* [Material shown]:
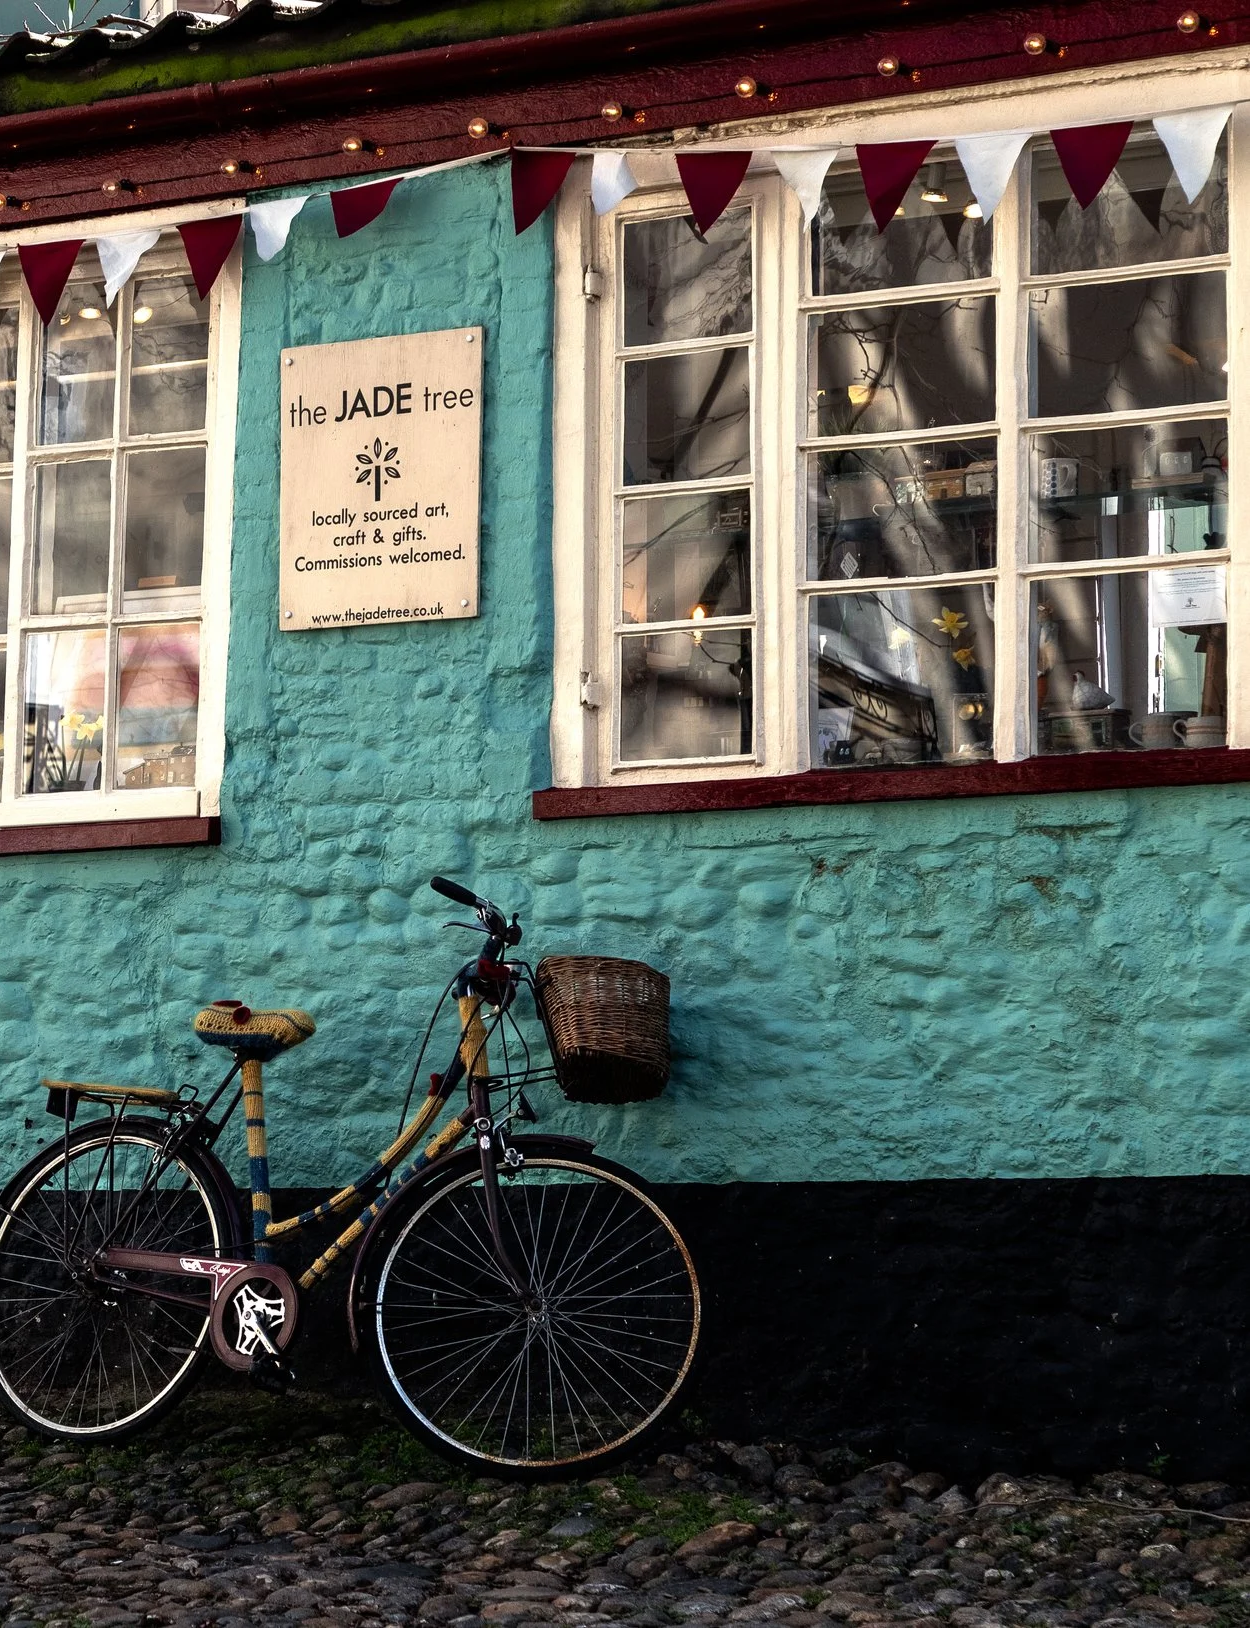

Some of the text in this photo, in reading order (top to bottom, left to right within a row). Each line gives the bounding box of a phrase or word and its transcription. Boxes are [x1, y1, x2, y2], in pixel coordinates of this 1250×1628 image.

[289, 382, 474, 428] the JADE tree
[312, 502, 449, 527] locally sourced art,
[333, 525, 427, 547] craft & gifts.
[294, 543, 466, 573] Commissions welcomed.
[311, 602, 444, 624] www.thejadetree.co.uk

* [Problem to solve]:
An exact reprint of the records above is required, with all pictures left out.

* [Response to this exercise]:
Some of the text in this photo, in reading order (top to bottom, left to right within a row). Each line gives the bounding box of a phrase or word and its transcription. Boxes are [x1, y1, x2, y2], in pixel coordinates of this 1250×1628 image.

[289, 382, 474, 428] the JADE tree
[312, 502, 449, 527] locally sourced art,
[333, 525, 427, 547] craft & gifts.
[294, 543, 466, 573] Commissions welcomed.
[311, 602, 444, 624] www.thejadetree.co.uk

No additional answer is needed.